Canada approves the Moderna vaccine for children ages 6 to 11.

Close to four months after Canada’s drug regulator greenlit the country’s first pediatric coronavirus vaccine, manufactured by Pfizer-BioNTech, it has now approved the Moderna Spikevax vaccine for children between the ages of 6 and 11.

Health Canada, the federal regulatory agency, previously approved Moderna in August 2021 for youths between the ages of 12 and 17, and the dosage for the latest pediatric vaccine is equal to half that given to that age group, the agency said in a news release on Thursday.

In the United States, only the Pfizer-BioNTech vaccine is approved for ages 5 to 17.

The Moderna vaccine for children consists of two doses, received four weeks apart.

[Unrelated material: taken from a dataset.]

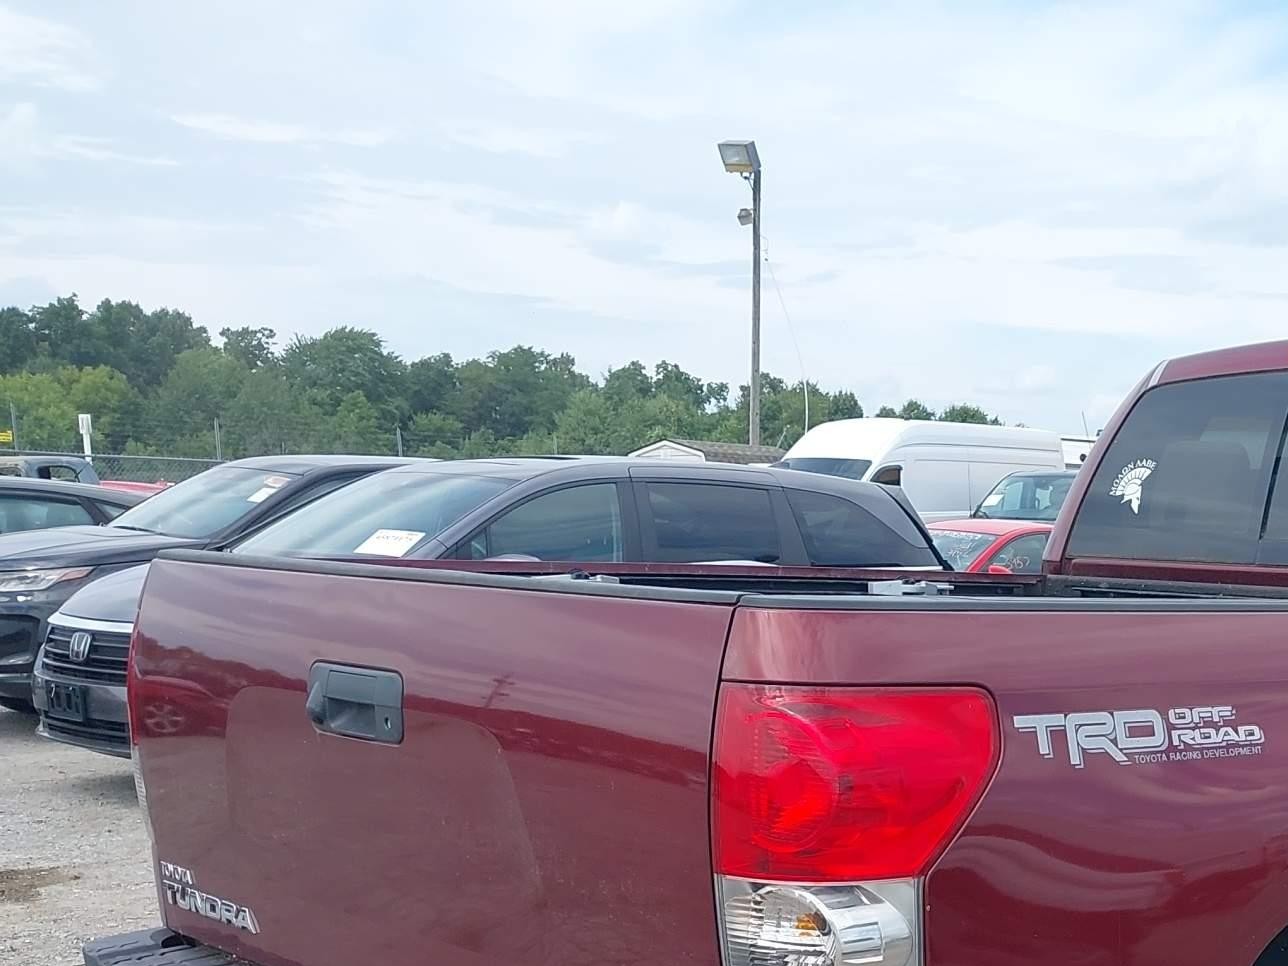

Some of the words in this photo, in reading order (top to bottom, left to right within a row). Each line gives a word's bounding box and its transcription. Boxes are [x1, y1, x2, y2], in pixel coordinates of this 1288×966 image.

The additional vaccine option for young children comes as several provinces, including Ontario, move to drop mask mandates in indoor settings, including schools, prompting some school boards to make requests with the province for an extension to the mask mandate.

Epidemiologists expect hospital occupancy will increase when the public health measures are lifted, according to disease modeling released on Thursday by a Covid-19 advisory panel to the province of Ontario.

Canada approved the use of the Pfizer-BioNTech coronavirus vaccine for children aged 5 to 11 in November, at the time adding more than 2.8 million young people to those eligible for a shot.

More than 1 million Canadian children aged 5 to 11 are fully vaccinated, and 1.6 million have received at least one dose, according to the most recent federal public health data, published on March 11.

Eighty-three percent of Canadians are fully vaccinated, according to a New York Times database.